▶ Your assignment
What is needed is the whole of the data, set down exactly.

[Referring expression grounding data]
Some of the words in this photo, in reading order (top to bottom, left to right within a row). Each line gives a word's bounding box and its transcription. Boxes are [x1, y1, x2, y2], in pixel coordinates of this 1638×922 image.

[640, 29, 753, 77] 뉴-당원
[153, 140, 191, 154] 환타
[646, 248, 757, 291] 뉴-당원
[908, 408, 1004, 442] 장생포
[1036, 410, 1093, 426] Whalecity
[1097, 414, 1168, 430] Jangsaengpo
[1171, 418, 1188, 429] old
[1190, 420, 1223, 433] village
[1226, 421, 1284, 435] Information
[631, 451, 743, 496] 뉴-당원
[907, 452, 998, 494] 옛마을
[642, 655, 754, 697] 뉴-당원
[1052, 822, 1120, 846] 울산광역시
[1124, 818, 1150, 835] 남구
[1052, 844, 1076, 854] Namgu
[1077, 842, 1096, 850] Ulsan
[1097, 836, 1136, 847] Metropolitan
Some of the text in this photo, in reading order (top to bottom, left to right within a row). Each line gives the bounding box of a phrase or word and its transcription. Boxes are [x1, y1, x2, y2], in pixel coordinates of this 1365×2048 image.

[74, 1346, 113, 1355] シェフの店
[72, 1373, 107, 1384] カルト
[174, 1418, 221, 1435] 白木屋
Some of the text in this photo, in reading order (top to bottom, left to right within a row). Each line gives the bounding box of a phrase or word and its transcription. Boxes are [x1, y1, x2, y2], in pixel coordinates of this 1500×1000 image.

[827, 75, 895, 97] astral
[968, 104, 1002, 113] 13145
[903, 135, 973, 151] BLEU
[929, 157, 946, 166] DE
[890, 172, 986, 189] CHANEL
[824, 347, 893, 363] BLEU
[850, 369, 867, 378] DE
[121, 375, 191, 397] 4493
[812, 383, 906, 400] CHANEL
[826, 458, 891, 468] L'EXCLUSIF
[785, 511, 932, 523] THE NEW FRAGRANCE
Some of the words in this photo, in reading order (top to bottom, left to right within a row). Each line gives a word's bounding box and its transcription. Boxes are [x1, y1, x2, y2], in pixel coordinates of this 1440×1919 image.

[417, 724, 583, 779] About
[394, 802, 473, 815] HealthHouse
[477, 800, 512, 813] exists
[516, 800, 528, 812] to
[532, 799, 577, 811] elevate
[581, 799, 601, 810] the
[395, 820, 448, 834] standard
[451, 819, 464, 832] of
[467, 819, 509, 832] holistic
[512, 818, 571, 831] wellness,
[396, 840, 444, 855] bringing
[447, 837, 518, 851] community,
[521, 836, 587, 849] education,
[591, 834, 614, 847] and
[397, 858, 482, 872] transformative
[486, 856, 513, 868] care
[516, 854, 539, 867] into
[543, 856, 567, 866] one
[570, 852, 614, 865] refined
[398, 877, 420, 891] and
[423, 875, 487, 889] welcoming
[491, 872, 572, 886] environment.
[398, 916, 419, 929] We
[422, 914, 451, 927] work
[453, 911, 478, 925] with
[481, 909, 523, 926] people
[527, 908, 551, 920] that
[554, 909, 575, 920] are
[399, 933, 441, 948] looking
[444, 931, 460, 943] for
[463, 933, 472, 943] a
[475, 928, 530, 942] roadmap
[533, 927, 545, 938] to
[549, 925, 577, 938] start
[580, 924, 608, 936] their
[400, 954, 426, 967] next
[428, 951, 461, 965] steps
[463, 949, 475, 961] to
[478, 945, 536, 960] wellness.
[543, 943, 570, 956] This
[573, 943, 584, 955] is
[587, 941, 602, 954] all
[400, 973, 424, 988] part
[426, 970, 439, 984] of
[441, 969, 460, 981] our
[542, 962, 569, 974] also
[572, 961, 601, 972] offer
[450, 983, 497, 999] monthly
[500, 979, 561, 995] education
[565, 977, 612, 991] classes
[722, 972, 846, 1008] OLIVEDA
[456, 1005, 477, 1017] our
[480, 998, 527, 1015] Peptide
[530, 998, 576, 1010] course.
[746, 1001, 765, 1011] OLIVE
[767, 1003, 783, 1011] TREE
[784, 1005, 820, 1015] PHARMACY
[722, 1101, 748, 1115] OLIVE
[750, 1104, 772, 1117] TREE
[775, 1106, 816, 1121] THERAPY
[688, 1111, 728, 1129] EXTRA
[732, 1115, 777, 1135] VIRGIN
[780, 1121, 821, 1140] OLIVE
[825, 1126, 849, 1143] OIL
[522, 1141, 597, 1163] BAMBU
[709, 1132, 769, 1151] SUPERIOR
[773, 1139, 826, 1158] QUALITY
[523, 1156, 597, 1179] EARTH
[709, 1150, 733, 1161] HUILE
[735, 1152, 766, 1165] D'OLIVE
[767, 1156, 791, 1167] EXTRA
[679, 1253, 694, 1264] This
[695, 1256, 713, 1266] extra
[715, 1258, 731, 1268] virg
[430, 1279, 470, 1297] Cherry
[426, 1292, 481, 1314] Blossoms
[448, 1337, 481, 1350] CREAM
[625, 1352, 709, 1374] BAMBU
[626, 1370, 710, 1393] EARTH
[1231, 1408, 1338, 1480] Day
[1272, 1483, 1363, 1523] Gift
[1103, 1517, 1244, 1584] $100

▶ Solution
Some of the words in this photo, in reading order (top to bottom, left to right within a row). Each line gives a word's bounding box and its transcription. Boxes are [x1, y1, x2, y2], in pixel coordinates of this 1638×922 image.

[640, 29, 753, 77] 뉴-당원
[153, 140, 191, 154] 환타
[646, 248, 757, 291] 뉴-당원
[908, 408, 1004, 442] 장생포
[1036, 410, 1093, 426] Whalecity
[1097, 414, 1168, 430] Jangsaengpo
[1171, 418, 1188, 429] old
[1190, 420, 1223, 433] village
[1226, 421, 1284, 435] Information
[631, 451, 743, 496] 뉴-당원
[907, 452, 998, 494] 옛마을
[642, 655, 754, 697] 뉴-당원
[1052, 822, 1120, 846] 울산광역시
[1124, 818, 1150, 835] 남구
[1052, 844, 1076, 854] Namgu
[1077, 842, 1096, 850] Ulsan
[1097, 836, 1136, 847] Metropolitan
Some of the text in this photo, in reading order (top to bottom, left to right within a row). Each line gives the bounding box of a phrase or word and its transcription. Boxes are [x1, y1, x2, y2], in pixel coordinates of this 1365×2048 image.

[74, 1346, 113, 1355] シェフの店
[72, 1373, 107, 1384] カルト
[174, 1418, 221, 1435] 白木屋
Some of the text in this photo, in reading order (top to bottom, left to right within a row). Each line gives the bounding box of a phrase or word and its transcription. Boxes are [x1, y1, x2, y2], in pixel coordinates of this 1500×1000 image.

[827, 75, 895, 97] astral
[968, 104, 1002, 113] 13145
[903, 135, 973, 151] BLEU
[929, 157, 946, 166] DE
[890, 172, 986, 189] CHANEL
[824, 347, 893, 363] BLEU
[850, 369, 867, 378] DE
[121, 375, 191, 397] 4493
[812, 383, 906, 400] CHANEL
[826, 458, 891, 468] L'EXCLUSIF
[785, 511, 932, 523] THE NEW FRAGRANCE
Some of the words in this photo, in reading order (top to bottom, left to right within a row). Each line gives a word's bounding box and its transcription. Boxes are [x1, y1, x2, y2], in pixel coordinates of this 1440×1919 image.

[417, 724, 583, 779] About
[394, 802, 473, 815] HealthHouse
[477, 800, 512, 813] exists
[516, 800, 528, 812] to
[532, 799, 577, 811] elevate
[581, 799, 601, 810] the
[395, 820, 448, 834] standard
[451, 819, 464, 832] of
[467, 819, 509, 832] holistic
[512, 818, 571, 831] wellness,
[396, 840, 444, 855] bringing
[447, 837, 518, 851] community,
[521, 836, 587, 849] education,
[591, 834, 614, 847] and
[397, 858, 482, 872] transformative
[486, 856, 513, 868] care
[516, 854, 539, 867] into
[543, 856, 567, 866] one
[570, 852, 614, 865] refined
[398, 877, 420, 891] and
[423, 875, 487, 889] welcoming
[491, 872, 572, 886] environment.
[398, 916, 419, 929] We
[422, 914, 451, 927] work
[453, 911, 478, 925] with
[481, 909, 523, 926] people
[527, 908, 551, 920] that
[554, 909, 575, 920] are
[399, 933, 441, 948] looking
[444, 931, 460, 943] for
[463, 933, 472, 943] a
[475, 928, 530, 942] roadmap
[533, 927, 545, 938] to
[549, 925, 577, 938] start
[580, 924, 608, 936] their
[400, 954, 426, 967] next
[428, 951, 461, 965] steps
[463, 949, 475, 961] to
[478, 945, 536, 960] wellness.
[543, 943, 570, 956] This
[573, 943, 584, 955] is
[587, 941, 602, 954] all
[400, 973, 424, 988] part
[426, 970, 439, 984] of
[441, 969, 460, 981] our
[542, 962, 569, 974] also
[572, 961, 601, 972] offer
[450, 983, 497, 999] monthly
[500, 979, 561, 995] education
[565, 977, 612, 991] classes
[722, 972, 846, 1008] OLIVEDA
[456, 1005, 477, 1017] our
[480, 998, 527, 1015] Peptide
[530, 998, 576, 1010] course.
[746, 1001, 765, 1011] OLIVE
[767, 1003, 783, 1011] TREE
[784, 1005, 820, 1015] PHARMACY
[722, 1101, 748, 1115] OLIVE
[750, 1104, 772, 1117] TREE
[775, 1106, 816, 1121] THERAPY
[688, 1111, 728, 1129] EXTRA
[732, 1115, 777, 1135] VIRGIN
[780, 1121, 821, 1140] OLIVE
[825, 1126, 849, 1143] OIL
[522, 1141, 597, 1163] BAMBU
[709, 1132, 769, 1151] SUPERIOR
[773, 1139, 826, 1158] QUALITY
[523, 1156, 597, 1179] EARTH
[709, 1150, 733, 1161] HUILE
[735, 1152, 766, 1165] D'OLIVE
[767, 1156, 791, 1167] EXTRA
[679, 1253, 694, 1264] This
[695, 1256, 713, 1266] extra
[715, 1258, 731, 1268] virg
[430, 1279, 470, 1297] Cherry
[426, 1292, 481, 1314] Blossoms
[448, 1337, 481, 1350] CREAM
[625, 1352, 709, 1374] BAMBU
[626, 1370, 710, 1393] EARTH
[1231, 1408, 1338, 1480] Day
[1272, 1483, 1363, 1523] Gift
[1103, 1517, 1244, 1584] $100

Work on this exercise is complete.